(MATERIAL PROVIDED begins)
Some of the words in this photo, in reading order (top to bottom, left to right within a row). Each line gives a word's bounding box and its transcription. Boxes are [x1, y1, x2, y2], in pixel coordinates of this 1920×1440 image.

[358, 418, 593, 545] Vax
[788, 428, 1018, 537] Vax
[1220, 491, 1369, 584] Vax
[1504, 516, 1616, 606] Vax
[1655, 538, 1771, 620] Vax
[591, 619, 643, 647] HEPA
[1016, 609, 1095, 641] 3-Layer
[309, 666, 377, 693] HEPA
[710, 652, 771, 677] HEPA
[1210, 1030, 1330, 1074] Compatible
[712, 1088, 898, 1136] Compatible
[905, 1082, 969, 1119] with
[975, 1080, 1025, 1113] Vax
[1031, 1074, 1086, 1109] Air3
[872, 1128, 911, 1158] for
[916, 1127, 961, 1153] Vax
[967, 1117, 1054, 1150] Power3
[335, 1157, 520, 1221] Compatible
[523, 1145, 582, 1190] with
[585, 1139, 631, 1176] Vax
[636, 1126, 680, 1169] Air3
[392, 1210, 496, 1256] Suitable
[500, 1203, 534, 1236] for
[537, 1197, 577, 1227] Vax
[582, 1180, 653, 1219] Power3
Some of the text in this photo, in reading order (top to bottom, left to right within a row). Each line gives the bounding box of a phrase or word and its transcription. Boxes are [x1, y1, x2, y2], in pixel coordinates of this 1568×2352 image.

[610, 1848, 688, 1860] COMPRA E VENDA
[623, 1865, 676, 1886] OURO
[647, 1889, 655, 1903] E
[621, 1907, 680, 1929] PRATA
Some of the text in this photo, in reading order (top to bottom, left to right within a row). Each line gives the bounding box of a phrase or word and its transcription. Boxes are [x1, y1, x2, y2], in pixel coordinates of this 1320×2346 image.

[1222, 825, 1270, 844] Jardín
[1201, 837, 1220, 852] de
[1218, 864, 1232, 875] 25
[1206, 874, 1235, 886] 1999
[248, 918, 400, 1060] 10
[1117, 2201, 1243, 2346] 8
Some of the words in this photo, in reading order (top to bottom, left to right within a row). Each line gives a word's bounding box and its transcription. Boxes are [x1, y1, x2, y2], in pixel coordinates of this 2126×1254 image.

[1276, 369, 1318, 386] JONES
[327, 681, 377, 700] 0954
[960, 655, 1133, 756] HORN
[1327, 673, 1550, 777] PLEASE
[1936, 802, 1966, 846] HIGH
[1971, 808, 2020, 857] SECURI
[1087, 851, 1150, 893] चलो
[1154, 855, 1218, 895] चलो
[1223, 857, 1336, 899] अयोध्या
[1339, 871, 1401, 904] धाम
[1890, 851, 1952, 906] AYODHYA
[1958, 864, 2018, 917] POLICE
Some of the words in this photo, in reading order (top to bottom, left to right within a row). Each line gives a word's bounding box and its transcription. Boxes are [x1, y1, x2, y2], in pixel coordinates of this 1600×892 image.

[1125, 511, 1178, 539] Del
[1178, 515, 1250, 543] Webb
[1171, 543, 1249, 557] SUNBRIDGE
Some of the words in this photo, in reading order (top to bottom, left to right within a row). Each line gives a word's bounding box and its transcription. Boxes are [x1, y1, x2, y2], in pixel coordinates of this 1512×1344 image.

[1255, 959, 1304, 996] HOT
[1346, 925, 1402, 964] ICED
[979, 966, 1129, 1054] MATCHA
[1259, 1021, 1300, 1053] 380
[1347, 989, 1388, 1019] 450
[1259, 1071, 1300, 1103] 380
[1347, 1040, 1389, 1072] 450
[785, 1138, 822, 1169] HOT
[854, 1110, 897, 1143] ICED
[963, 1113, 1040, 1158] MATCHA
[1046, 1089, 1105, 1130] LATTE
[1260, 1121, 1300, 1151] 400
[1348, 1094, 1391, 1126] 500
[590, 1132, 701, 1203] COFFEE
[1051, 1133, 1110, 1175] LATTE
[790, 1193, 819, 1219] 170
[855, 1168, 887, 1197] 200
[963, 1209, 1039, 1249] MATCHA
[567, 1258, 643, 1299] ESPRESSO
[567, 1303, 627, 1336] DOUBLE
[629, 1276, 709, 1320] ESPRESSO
(MATERIAL PROVIDED ends)
__TASK ITEM__
For this exercise, reproduce exactly each line from the one containing "this 1512×1344 image." through the last line of the data, and no others.

__WRITTEN ANSWER__
Some of the words in this photo, in reading order (top to bottom, left to right within a row). Each line gives a word's bounding box and its transcription. Boxes are [x1, y1, x2, y2], in pixel coordinates of this 1512×1344 image.

[1255, 959, 1304, 996] HOT
[1346, 925, 1402, 964] ICED
[979, 966, 1129, 1054] MATCHA
[1259, 1021, 1300, 1053] 380
[1347, 989, 1388, 1019] 450
[1259, 1071, 1300, 1103] 380
[1347, 1040, 1389, 1072] 450
[785, 1138, 822, 1169] HOT
[854, 1110, 897, 1143] ICED
[963, 1113, 1040, 1158] MATCHA
[1046, 1089, 1105, 1130] LATTE
[1260, 1121, 1300, 1151] 400
[1348, 1094, 1391, 1126] 500
[590, 1132, 701, 1203] COFFEE
[1051, 1133, 1110, 1175] LATTE
[790, 1193, 819, 1219] 170
[855, 1168, 887, 1197] 200
[963, 1209, 1039, 1249] MATCHA
[567, 1258, 643, 1299] ESPRESSO
[567, 1303, 627, 1336] DOUBLE
[629, 1276, 709, 1320] ESPRESSO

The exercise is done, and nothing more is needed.